Once the game itself started, though, I began to realize that the Savanna Bananas experience that I was watching online was not the same experience as watching in person. Trick plays and back flips were amusing … for a while, as was the blasting music. But it began to grate sooner than I had expected, and I missed the added stakes of a broader season-long narrative where a win or a loss means something. While the Banana-bits might be fun for a minute on TikTok, it felt stale after about an hour, and I don’t think I was the only one with that experience.
Just a few innings in, I spotted groups of adults standing by the beer stand, chatting about the strange intensity of the whole experience. People were having fun, but a good chunk of the audience was already gone by the time the two hour already-truncated game finished.
This isn’t to say that people don’t usually leave ballgames early or that there aren’t plenty of bored kids and bored adults at your standard MLB game, but Banana Ball is about mass entertainment, and people didn’t seem as entertained as I expected them to be. This boredom partially came from Banana-mania overstimulation, but I also think it came from the fact that the much of the “performance” seemed catered to a digital audience.
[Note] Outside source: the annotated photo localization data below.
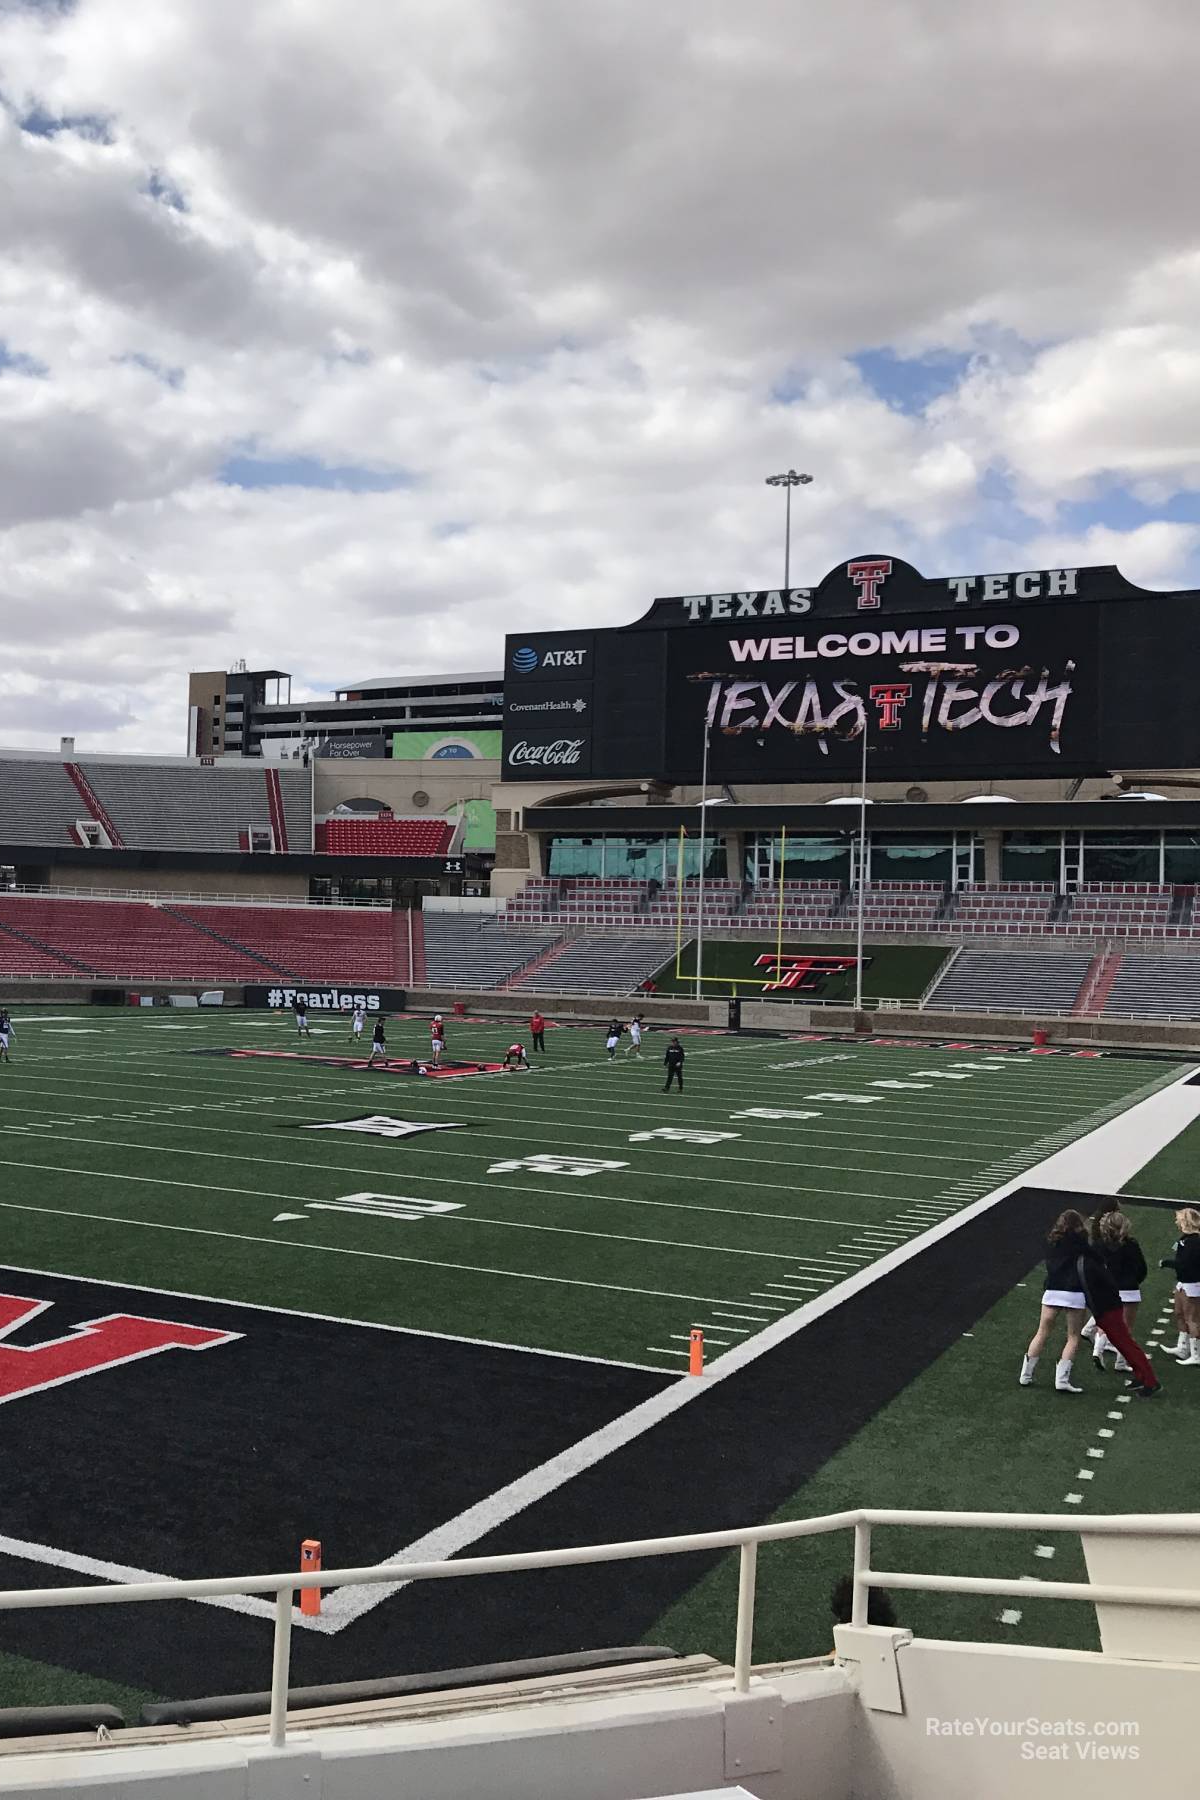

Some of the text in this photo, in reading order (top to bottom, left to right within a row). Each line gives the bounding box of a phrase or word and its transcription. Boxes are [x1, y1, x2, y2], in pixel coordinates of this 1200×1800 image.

[683, 589, 812, 621] TEXAS
[948, 569, 1079, 604] TECH
[729, 624, 1020, 662] WELCOME TO
[542, 650, 587, 667] AT&T
[687, 671, 867, 755] TEXAS
[898, 659, 1077, 755] TECH
[329, 741, 373, 750] Horsepower
[267, 989, 380, 1010] #Fearless
Watching the Savannah Bananas play was like watching a pop star singing to documentary cameras instead of to the audience in the seats. The screens in the stadium weren’t really directed to catch all the fun dances as you’d see them on social media, so you were only seeing them from far away (unless you were really close to the field) and at a weird angle. Bits like the baby race, Banana Nanas, and Princess Potassia worked better in person, but the rest fell flat. Over time, it felt more like I was watching people film social content than watching a “show” (as the Bananas call it), and I left the game believing strongly that the best way to take in the Savannah Bananas is through TikTok.
There’s no debate to be had about the Bananas’ success in reaching a wide audience through their social media presence—- the fact that the team can sell out major league stadiums speaks to that — but I do believe that in splitting their focus between their in-person audience and online audience, the Savannah Bananas leave their in-person audience behind. That issue could be remedied, perhaps by something as simple as finding a way to film more of the up-close dancing live for the jumbotron. It isn't impossible to make a stadium performance work (in fact, pop stars do it every day). But the Bananas would have to prioritize their in-person audience at games instead of their digital one.
There is the question, of course, about whether the needs of the online many outweigh the needs of the in-person few. But, if Banana Ball is really about getting more people into baseball and about making baseball fun, it has to sustain its own fans' engagement beyond the confines of a minute-long video.